Word for word, reproduce the listing that follows, excluding any pictures it contains.

[Opening Given data section]

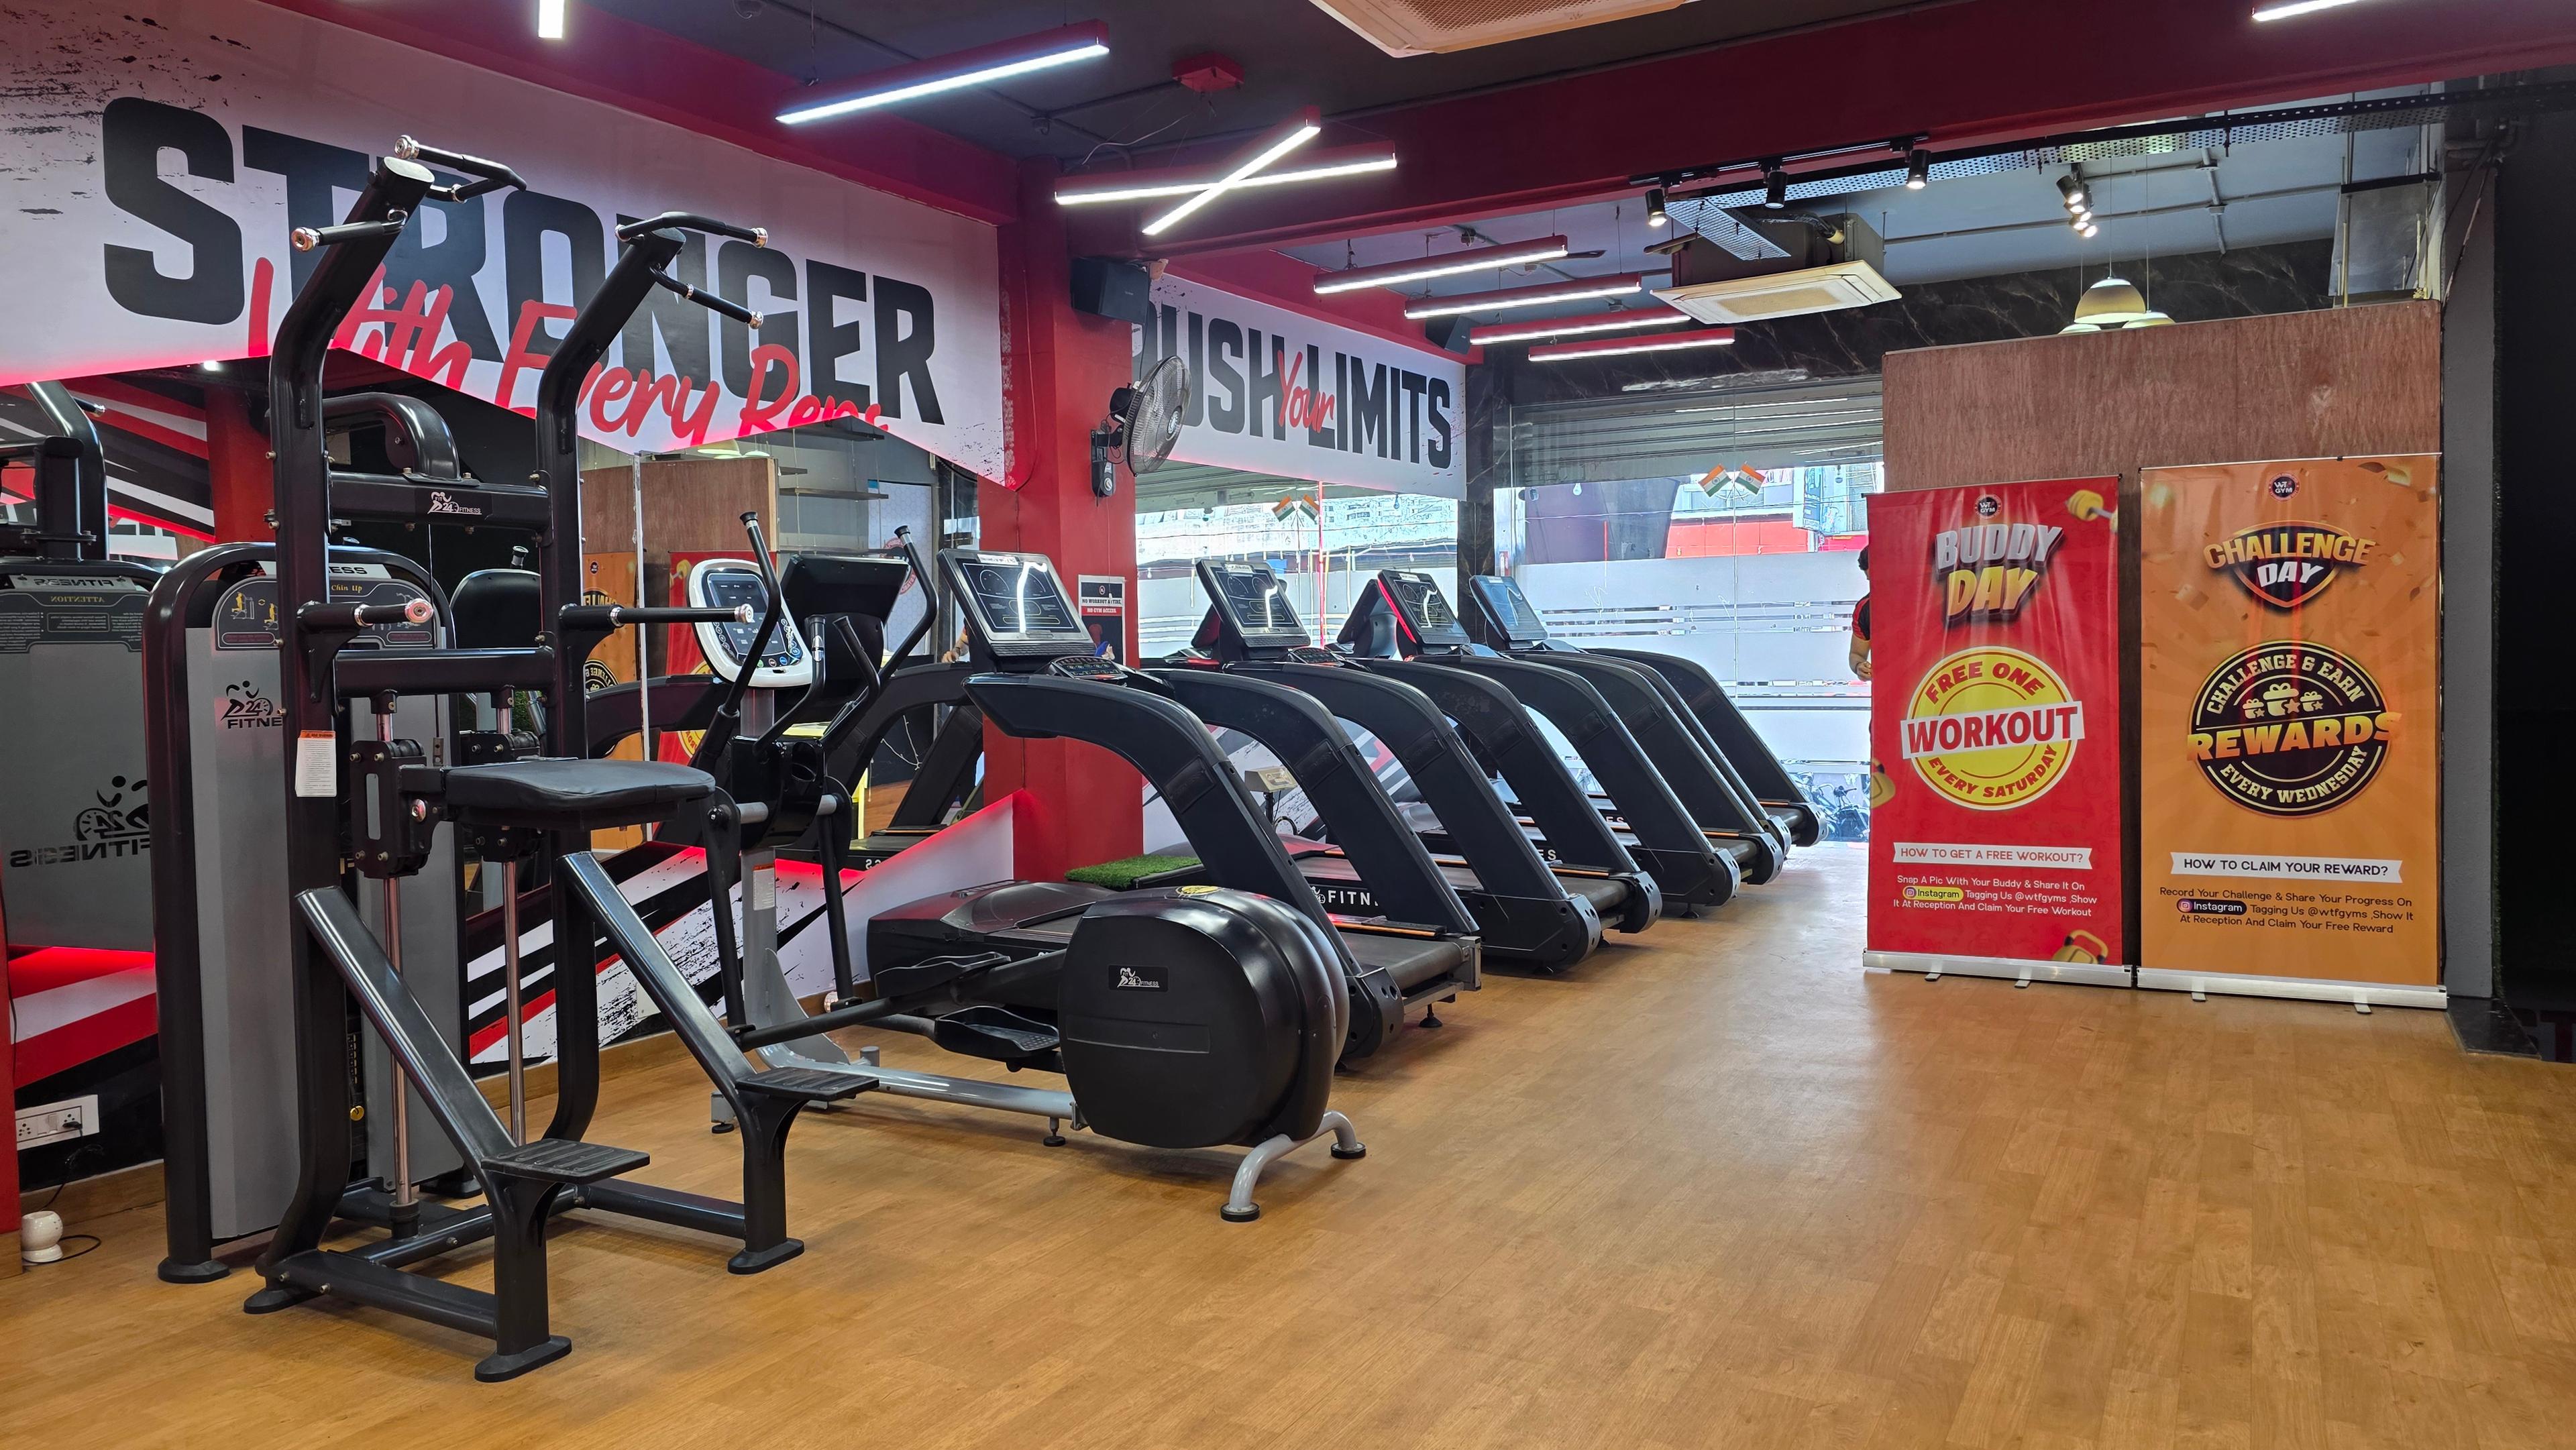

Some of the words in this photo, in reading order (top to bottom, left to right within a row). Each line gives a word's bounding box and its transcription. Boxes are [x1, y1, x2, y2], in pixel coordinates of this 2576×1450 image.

[102, 97, 945, 425] STRONGER
[1277, 349, 1334, 434] Your
[1307, 343, 1452, 469] LIMITS
[1935, 523, 2063, 571] BUDDY
[2203, 533, 2377, 569] CHALLENGE
[352, 585, 363, 593] Up
[1947, 566, 2039, 616] DAY
[2257, 561, 2324, 588] DAY
[1925, 661, 1983, 705] FREE
[1992, 663, 2046, 696] ONE
[2206, 654, 2298, 715] CHALLENGE
[2317, 661, 2366, 702] EARN
[1907, 706, 2078, 754] WORKOUT
[2186, 712, 2403, 761] REWARDS
[1927, 757, 1979, 795] EVERY
[1982, 744, 2057, 798] SATURDAY
[2220, 763, 2273, 801] EVERY
[2276, 745, 2368, 803] WEDNESDAY
[1900, 848, 1928, 858] HOW
[1932, 848, 1947, 858] TO
[1950, 849, 1972, 859] GET
[1976, 850, 1983, 859] A
[1986, 850, 2012, 860] FREE
[2017, 851, 2083, 862] WORKOUT?
[2184, 858, 2215, 869] HOW
[2220, 860, 2237, 870] TO
[2241, 860, 2281, 871] CLAIM
[2285, 862, 2320, 873] YOUR
[2324, 863, 2388, 876] REWARD?
[1897, 875, 1919, 885] Snap
[1921, 876, 1927, 884] A
[1929, 876, 1943, 885] Pic
[1945, 877, 1968, 886] With
[1971, 877, 1990, 887] Your
[1993, 878, 2022, 889] Buddy
[2024, 880, 2031, 888] &
[2033, 881, 2060, 889] Share
[2063, 882, 2069, 890] It
[2072, 882, 2085, 891] On
[1917, 889, 1960, 899] Instagram
[1965, 890, 1998, 901] Tagging
[2000, 891, 2012, 900] Us
[2015, 891, 2067, 903] @wtfgyms
[2160, 887, 2194, 897] Record
[2198, 888, 2219, 898] Your
[2222, 889, 2272, 901] Challenge
[2275, 892, 2283, 901] &
[2286, 893, 2316, 902] Share
[2319, 894, 2342, 903] Your
[2345, 895, 2394, 906] Progress
[2397, 897, 2412, 907] On
[1893, 899, 1900, 907] It
[1902, 900, 1911, 908] At
[1913, 901, 1955, 910] Reception
[1958, 902, 1975, 910] And
[1978, 903, 2002, 912] Claim
[2004, 903, 2025, 912] Your
[2027, 905, 2049, 914] Free
[2051, 906, 2092, 916] Workout
[2180, 915, 2190, 923] At
[2194, 915, 2243, 926] Reception
[2245, 917, 2265, 926] And
[2267, 918, 2296, 928] Claim
[2300, 919, 2322, 929] Your
[2326, 922, 2349, 930] Free
[2353, 923, 2394, 933] Reward
[2194, 901, 2243, 913] Instagram
[2250, 904, 2288, 916] Tagging
[2291, 907, 2304, 915] Us
[2308, 907, 2367, 919] @wtfgyms
[2406, 911, 2414, 921] It
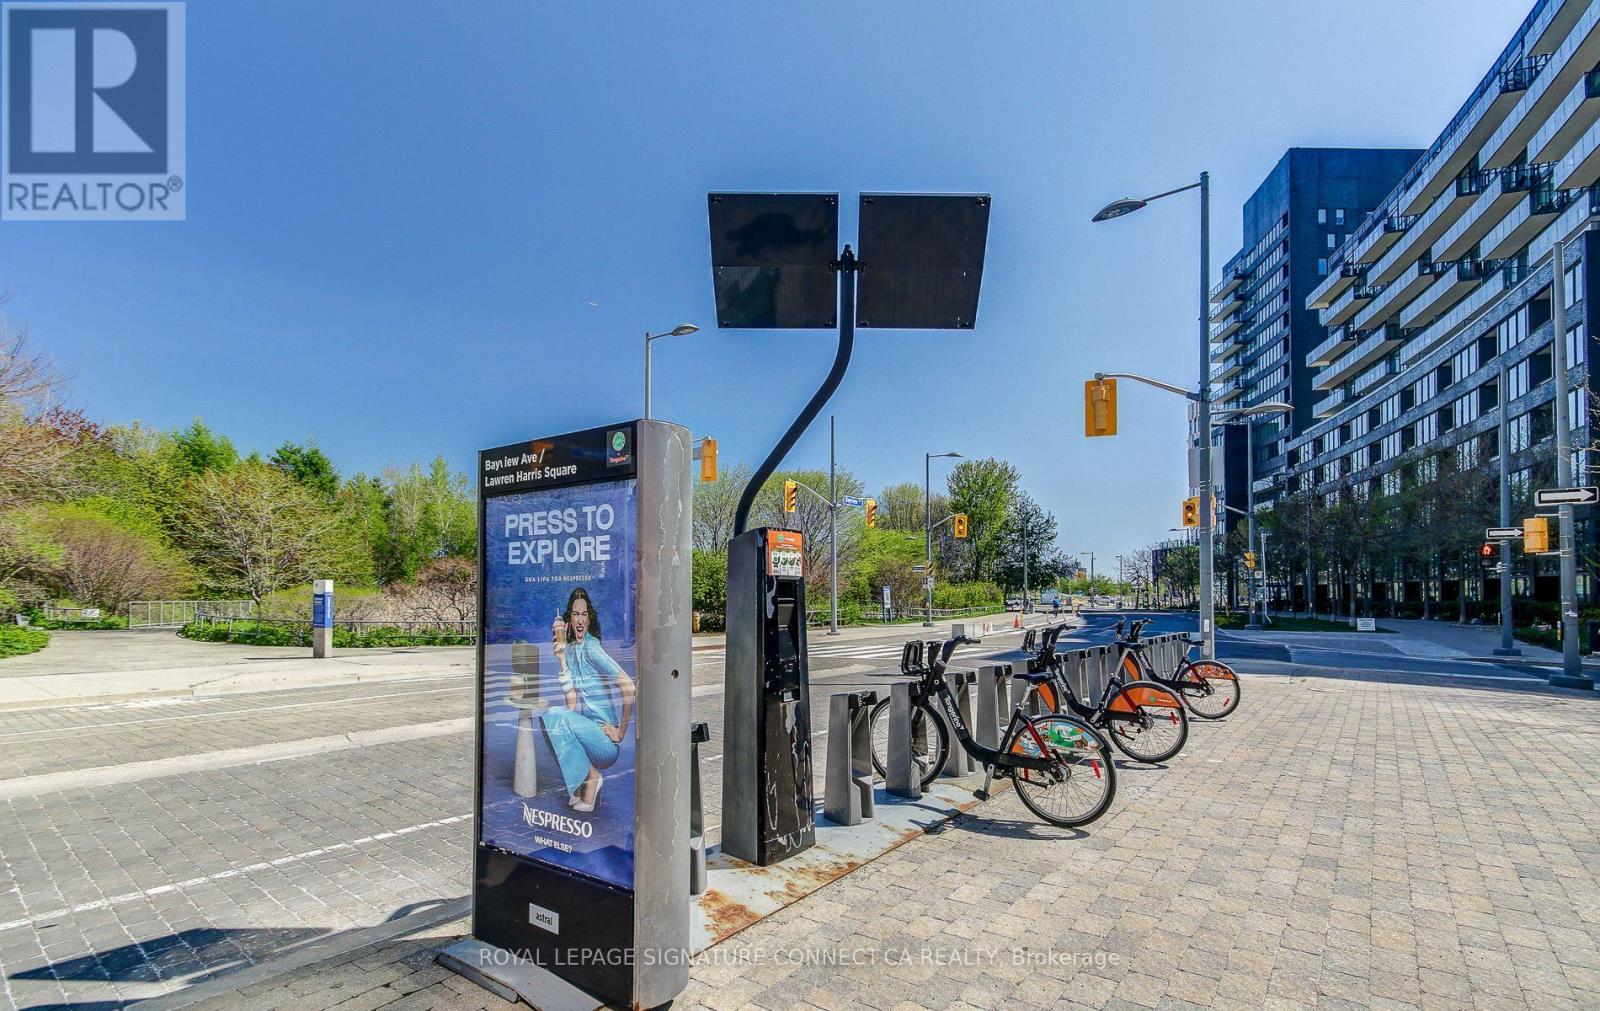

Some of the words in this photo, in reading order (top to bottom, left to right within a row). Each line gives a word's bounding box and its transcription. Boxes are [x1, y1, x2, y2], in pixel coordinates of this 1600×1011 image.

[521, 453, 537, 464] Ave
[539, 448, 545, 463] /
[485, 474, 514, 487] Lawren
[516, 468, 542, 482] Harris
[544, 464, 577, 479] Square
[504, 507, 578, 538] PRESS
[582, 503, 615, 531] TO
[508, 534, 611, 565] EXPLORE
[944, 694, 961, 728] Tangerine
[521, 801, 593, 838] NESPRESSO
[534, 835, 553, 847] WHAT
[553, 840, 573, 854] ELSE?
[535, 911, 553, 926] astral
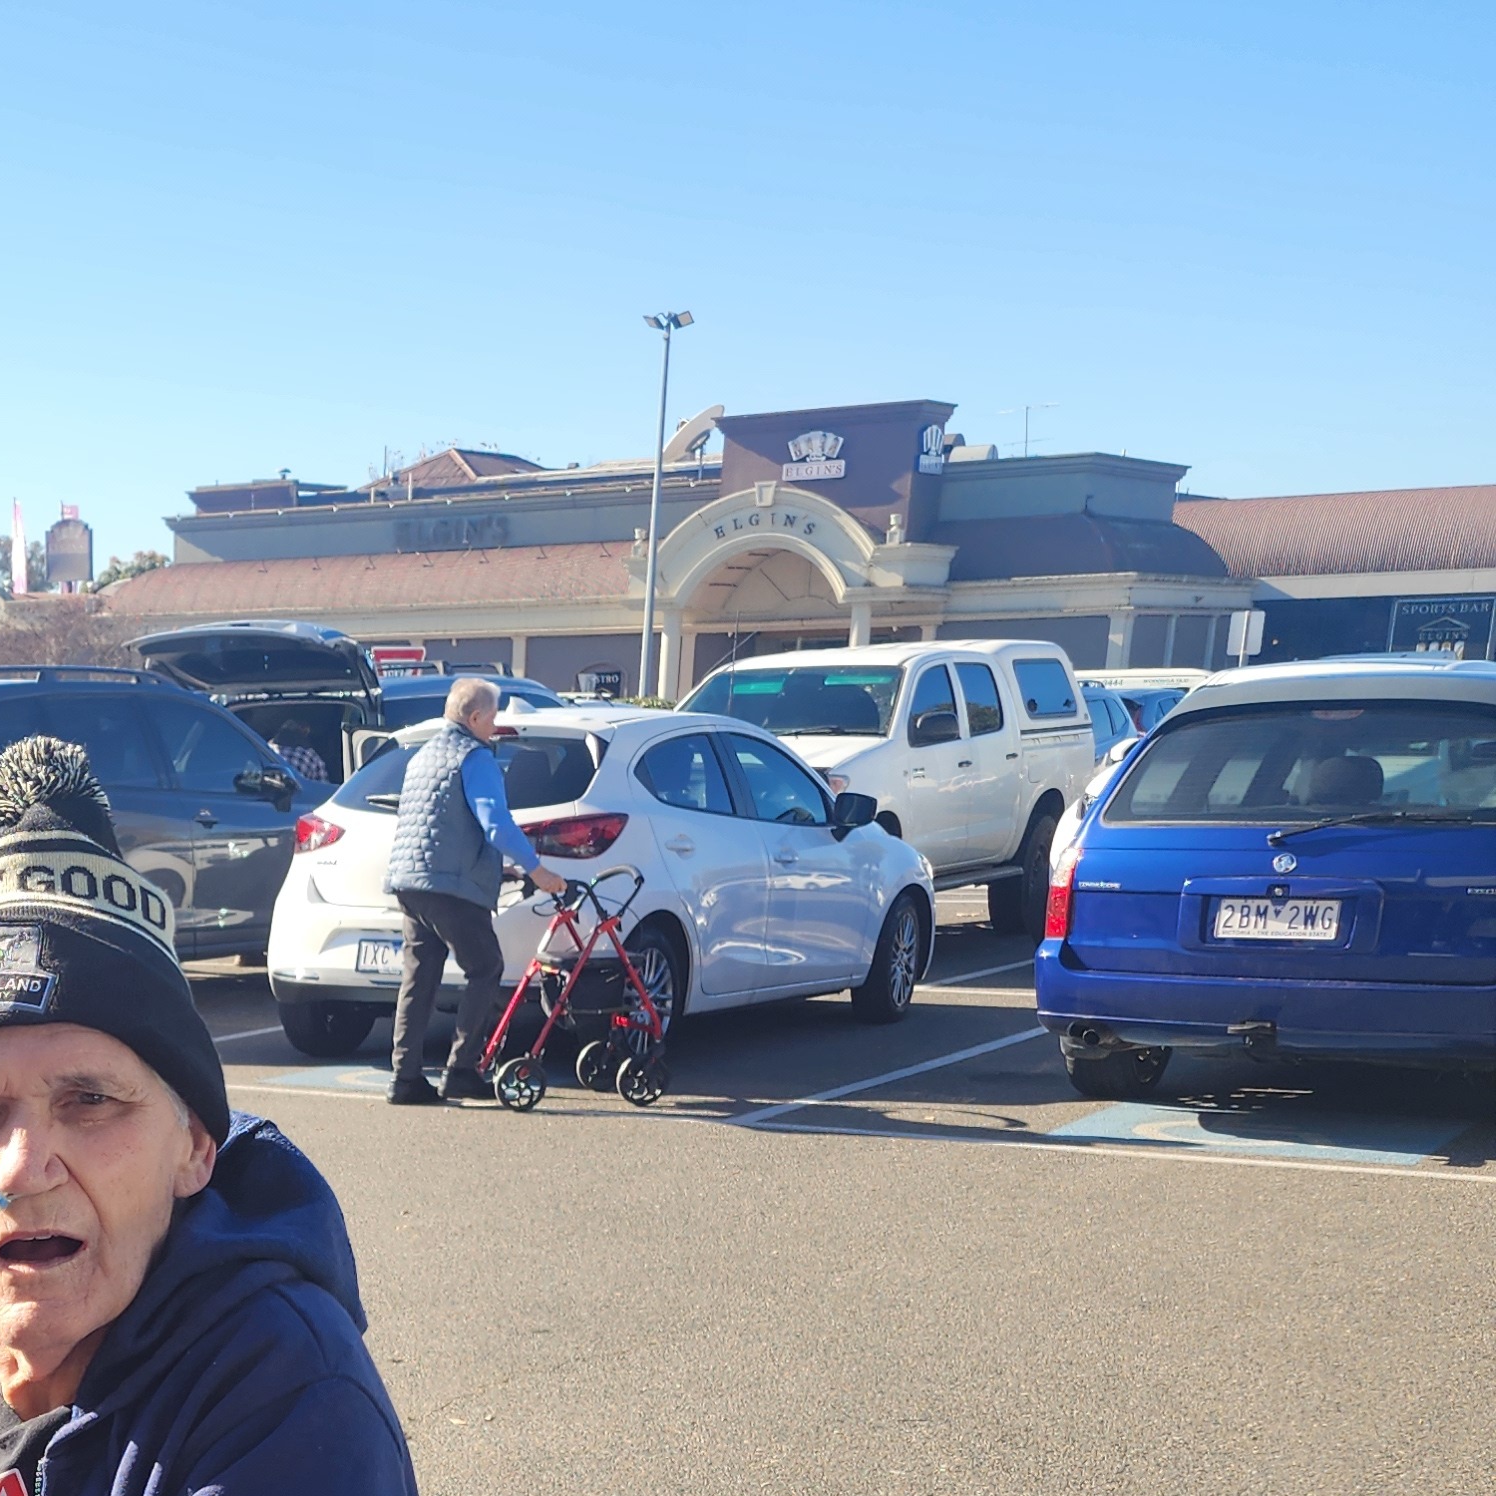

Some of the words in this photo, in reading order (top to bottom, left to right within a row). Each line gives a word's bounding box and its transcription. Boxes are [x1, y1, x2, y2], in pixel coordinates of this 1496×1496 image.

[Closing Given data section]

(Task answer):
Some of the words in this photo, in reading order (top to bottom, left to right within a row). Each line gives a word's bounding box and its transcription. Boxes are [x1, y1, x2, y2], in pixel coordinates of this 2576×1450 image.

[102, 97, 945, 425] STRONGER
[1277, 349, 1334, 434] Your
[1307, 343, 1452, 469] LIMITS
[1935, 523, 2063, 571] BUDDY
[2203, 533, 2377, 569] CHALLENGE
[352, 585, 363, 593] Up
[1947, 566, 2039, 616] DAY
[2257, 561, 2324, 588] DAY
[1925, 661, 1983, 705] FREE
[1992, 663, 2046, 696] ONE
[2206, 654, 2298, 715] CHALLENGE
[2317, 661, 2366, 702] EARN
[1907, 706, 2078, 754] WORKOUT
[2186, 712, 2403, 761] REWARDS
[1927, 757, 1979, 795] EVERY
[1982, 744, 2057, 798] SATURDAY
[2220, 763, 2273, 801] EVERY
[2276, 745, 2368, 803] WEDNESDAY
[1900, 848, 1928, 858] HOW
[1932, 848, 1947, 858] TO
[1950, 849, 1972, 859] GET
[1976, 850, 1983, 859] A
[1986, 850, 2012, 860] FREE
[2017, 851, 2083, 862] WORKOUT?
[2184, 858, 2215, 869] HOW
[2220, 860, 2237, 870] TO
[2241, 860, 2281, 871] CLAIM
[2285, 862, 2320, 873] YOUR
[2324, 863, 2388, 876] REWARD?
[1897, 875, 1919, 885] Snap
[1921, 876, 1927, 884] A
[1929, 876, 1943, 885] Pic
[1945, 877, 1968, 886] With
[1971, 877, 1990, 887] Your
[1993, 878, 2022, 889] Buddy
[2024, 880, 2031, 888] &
[2033, 881, 2060, 889] Share
[2063, 882, 2069, 890] It
[2072, 882, 2085, 891] On
[1917, 889, 1960, 899] Instagram
[1965, 890, 1998, 901] Tagging
[2000, 891, 2012, 900] Us
[2015, 891, 2067, 903] @wtfgyms
[2160, 887, 2194, 897] Record
[2198, 888, 2219, 898] Your
[2222, 889, 2272, 901] Challenge
[2275, 892, 2283, 901] &
[2286, 893, 2316, 902] Share
[2319, 894, 2342, 903] Your
[2345, 895, 2394, 906] Progress
[2397, 897, 2412, 907] On
[1893, 899, 1900, 907] It
[1902, 900, 1911, 908] At
[1913, 901, 1955, 910] Reception
[1958, 902, 1975, 910] And
[1978, 903, 2002, 912] Claim
[2004, 903, 2025, 912] Your
[2027, 905, 2049, 914] Free
[2051, 906, 2092, 916] Workout
[2180, 915, 2190, 923] At
[2194, 915, 2243, 926] Reception
[2245, 917, 2265, 926] And
[2267, 918, 2296, 928] Claim
[2300, 919, 2322, 929] Your
[2326, 922, 2349, 930] Free
[2353, 923, 2394, 933] Reward
[2194, 901, 2243, 913] Instagram
[2250, 904, 2288, 916] Tagging
[2291, 907, 2304, 915] Us
[2308, 907, 2367, 919] @wtfgyms
[2406, 911, 2414, 921] It

Some of the words in this photo, in reading order (top to bottom, left to right within a row). Each line gives a word's bounding box and its transcription. Boxes are [x1, y1, x2, y2], in pixel coordinates of this 1600×1011 image.

[521, 453, 537, 464] Ave
[539, 448, 545, 463] /
[485, 474, 514, 487] Lawren
[516, 468, 542, 482] Harris
[544, 464, 577, 479] Square
[504, 507, 578, 538] PRESS
[582, 503, 615, 531] TO
[508, 534, 611, 565] EXPLORE
[944, 694, 961, 728] Tangerine
[521, 801, 593, 838] NESPRESSO
[534, 835, 553, 847] WHAT
[553, 840, 573, 854] ELSE?
[535, 911, 553, 926] astral

Some of the words in this photo, in reading order (top to bottom, left to right within a row). Each line gives a word's bounding box and its transcription. Boxes are [x1, y1, x2, y2], in pixel coordinates of this 1496×1496 image.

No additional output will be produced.